Polter was talking to Babs. But I did not hear the words. I moved a trifle away. Rash decision! I hardly decided anything. There was only the vision of Babs before me; my love for her. And my desperate need of doing something; getting to her; seeing her, being with her; having her near my own size again as though the blessed normality of that would rationalize and lessen her danger. If only I had been less rash! If only back there in that tunnel I had stopped to see what it was my foot kicked against!
slid away. Alan and Glora did not notice it; they were whispering together and gazing over the cushion at Babs. In the floor shadow I moved some ten feet. On the undulating top of the cushion the little golden cage stood with its lattice door open! It was only a few feet from my face.
I fumbled at my belt for the diminishing vial. I found one pellet left. Well, that would be enough. I was hurried. Alan might discover me. Polter might move; put Babs back in the cage and close its door. We might be near the island already, and the confusion, the activity of disembarking would defeat me. A thousand things might happen.
I touched the pellet to my tongue. In a few seconds the drug action had come and passed. The cushion top loomed well over my head. The side was a ridged, indescribably unnatural vista of cliff-wall. The fabric was coarse with hairy strands, dented into little ravines and crevices. I climbed. I came panting to the pillow surface. The golden cage was six or eight feet away and was now two feet high.
Again I touched the drug to my tongue; held it an instant. The cage drew away; grew to a normal six-foot height; then larger, until in a moment it stopped. I stood peering at it, trying to gauge its size in relation to me. I wanted so intensely now to be normal to Babs. The cage seemed about ten feet high. A little less, possibly. I barely tasted the pellet, and replaced it carefully in the vial. I could only hope its efficacy would be preserved.

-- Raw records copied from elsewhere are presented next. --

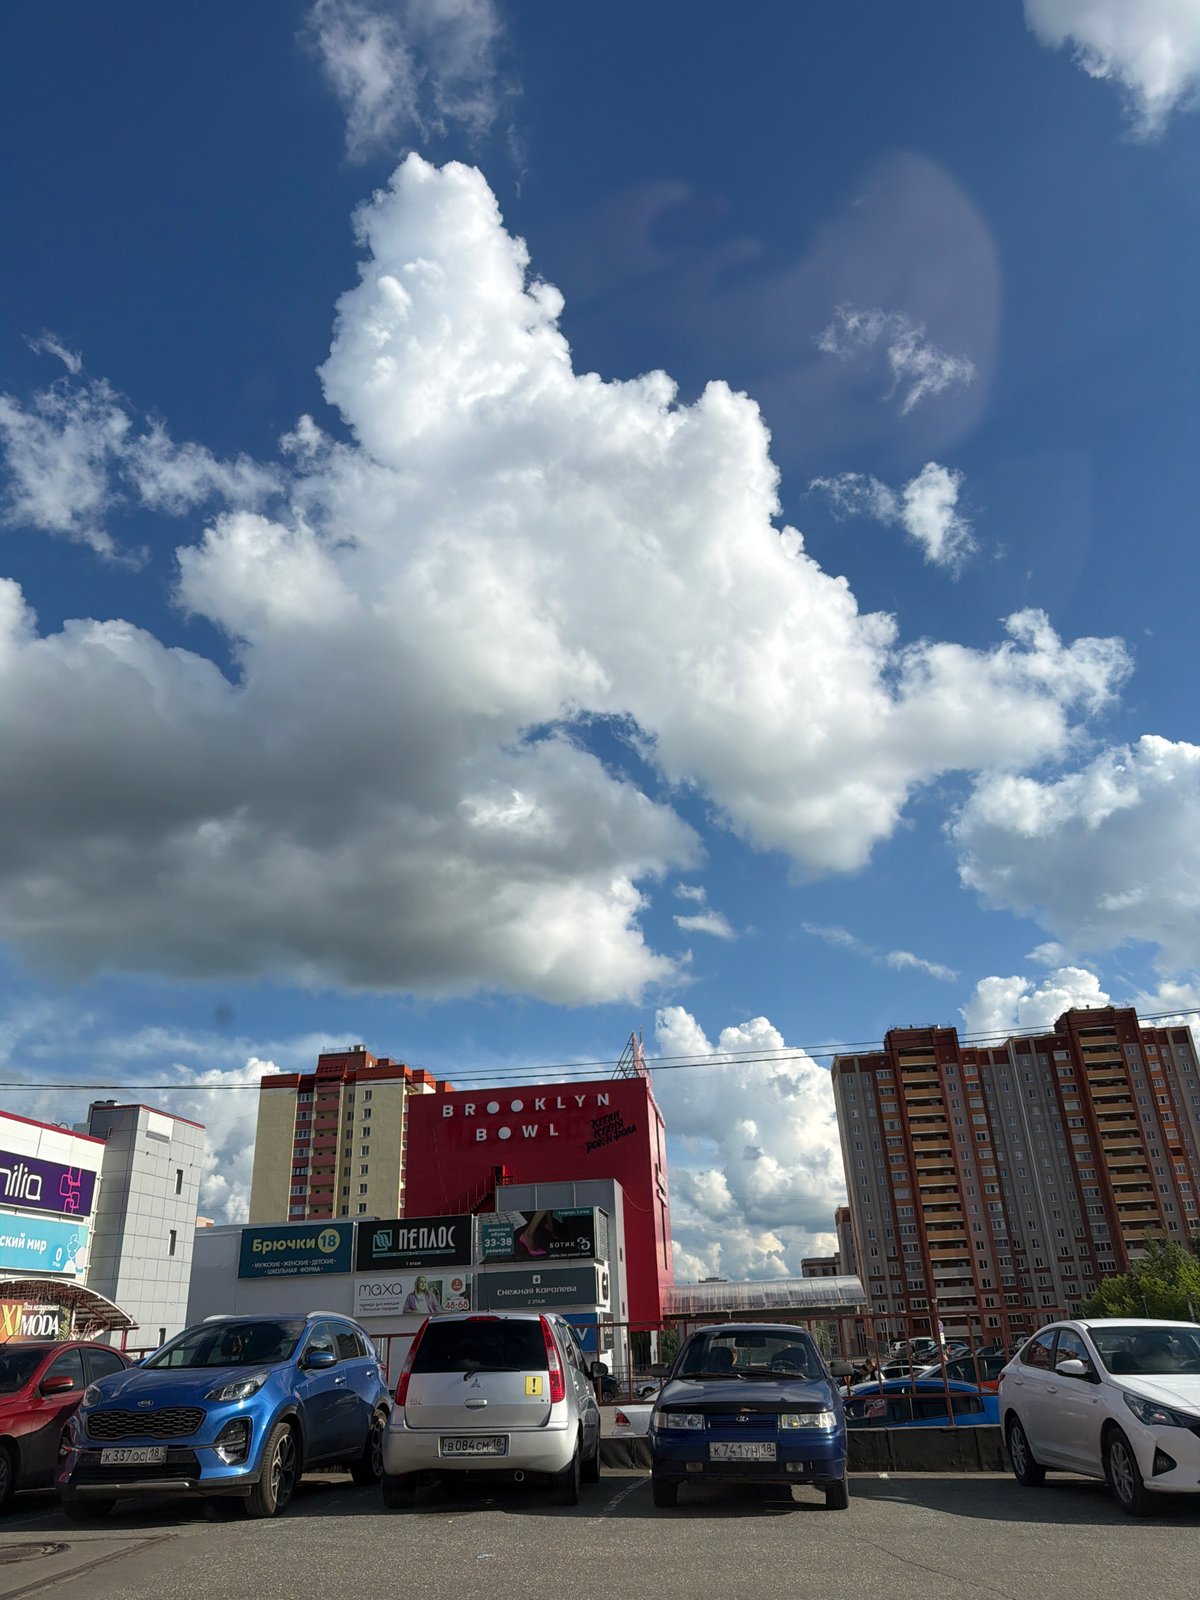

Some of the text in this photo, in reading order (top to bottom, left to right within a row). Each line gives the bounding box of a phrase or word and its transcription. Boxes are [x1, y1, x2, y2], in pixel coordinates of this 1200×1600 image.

[442, 1092, 610, 1118] BROOKLYN
[475, 1123, 559, 1142] BOWL
[27, 1239, 47, 1255] мир
[252, 1234, 337, 1254] Брючки 18
[398, 1226, 456, 1250] ПЕПЛОС
[484, 1237, 512, 1247] 33-38
[549, 1241, 575, 1249] БОТИК
[20, 1314, 59, 1336] MODA
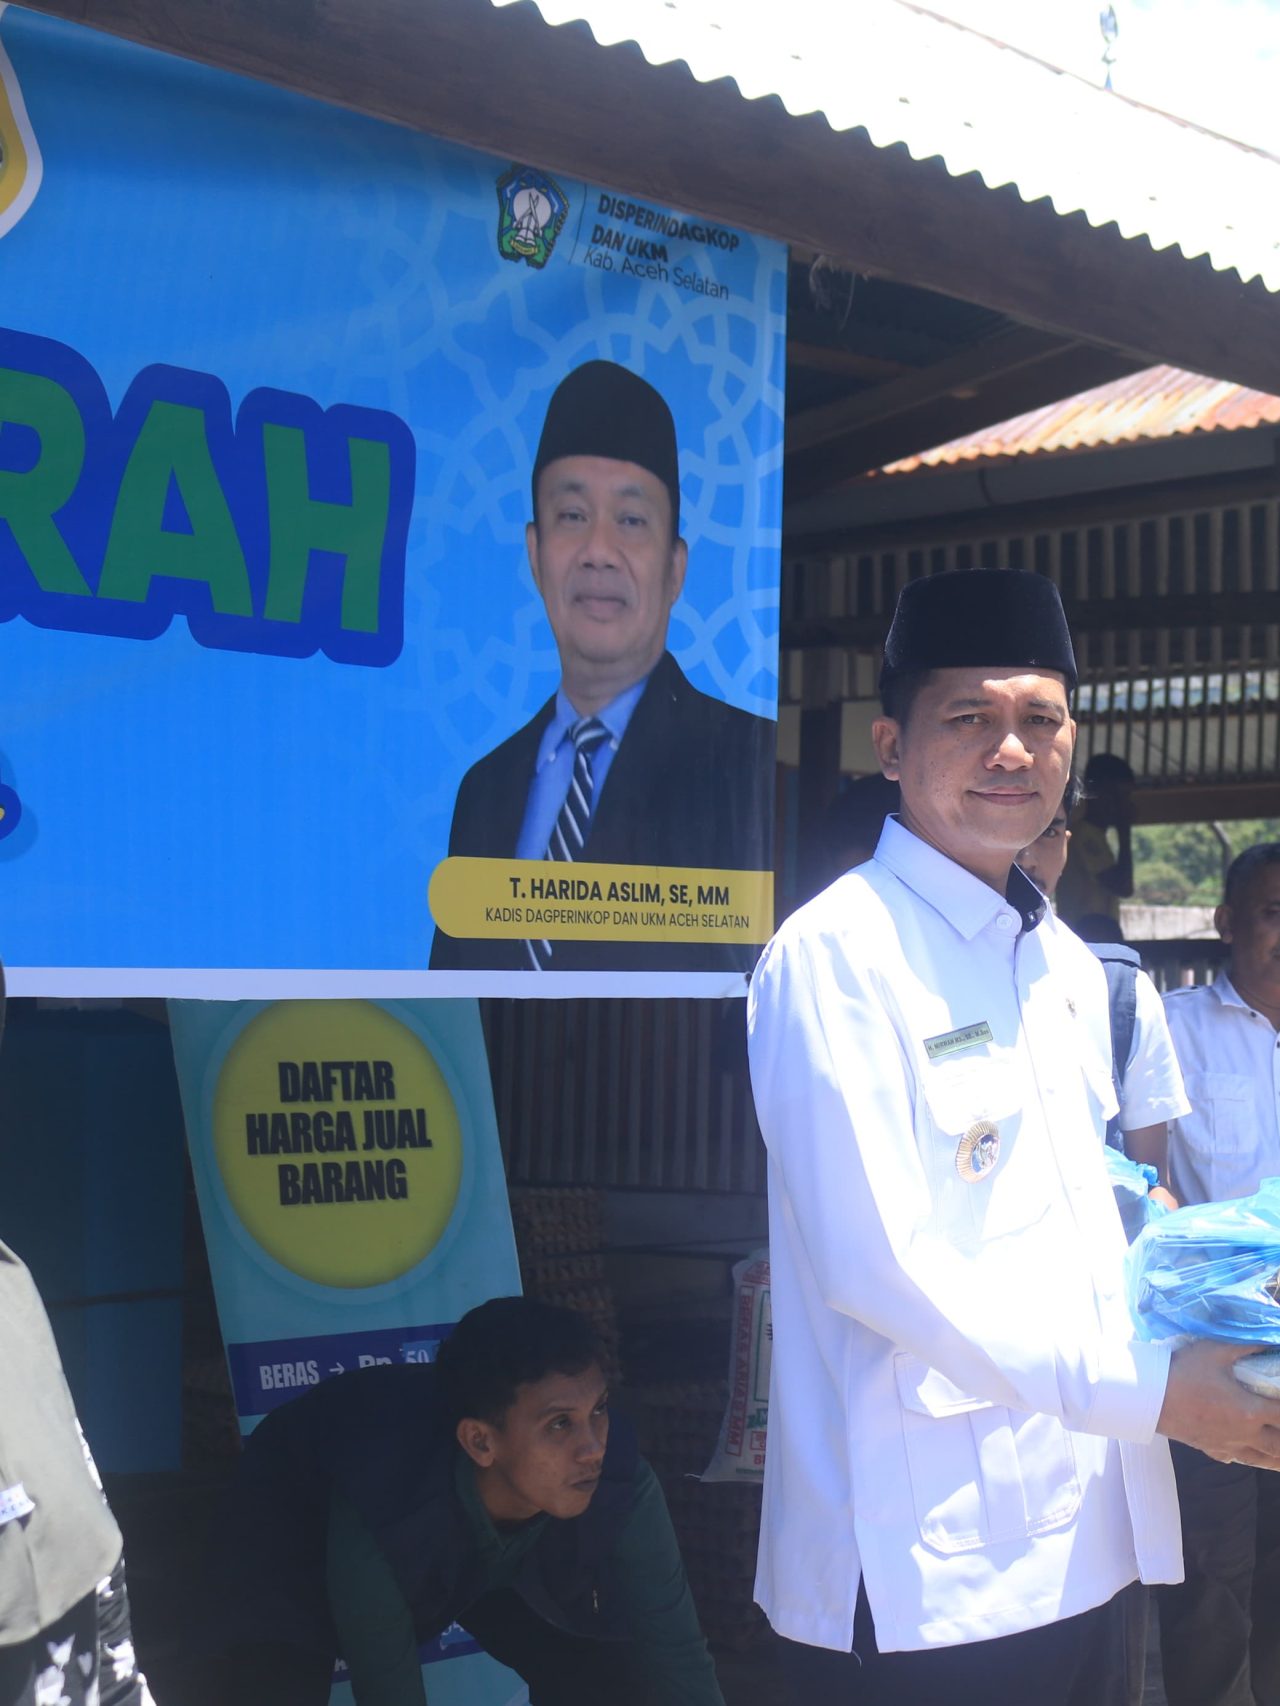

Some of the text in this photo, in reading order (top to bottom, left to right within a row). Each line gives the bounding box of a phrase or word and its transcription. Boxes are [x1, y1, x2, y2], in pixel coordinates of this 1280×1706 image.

[591, 224, 669, 263] DAN UKM
[597, 194, 740, 251] DISPERINDAGKOP
[584, 245, 729, 300] Kab. Aceh Selatan
[510, 877, 730, 907] T. HARIDA ASLIM, SE, MM
[486, 907, 750, 928] KADIS DAGPERINKOP DAN UKM ACEH SELATAN
[278, 1061, 395, 1103] DAFTAR
[246, 1108, 432, 1155] HARGA JUAL
[278, 1158, 408, 1206] BARANG
[259, 1360, 320, 1390] BERAS

I had to chance that I would not be seen now crossing this billowy expanse. I ran. The rope strands of the fabric now had spaces between their curving surfaces. The cage was a shining golden house, set on this wide rolling area. Far in the distance there was a blur—Polter's reclining body.
I reached the cage. It was a room about ten feet square and equally as high. Walled solid, top and bottom, and on three sides. The front was a lattice of bars, with a narrow six-foot-high doorway, standing open now.
I dashed in. The interior was not wholly bare. There was a metal-wrought couch fastened to the wall, with a railing around it and handles. It suggested a ship's bunk. There was a railing at convenient height all around the wall.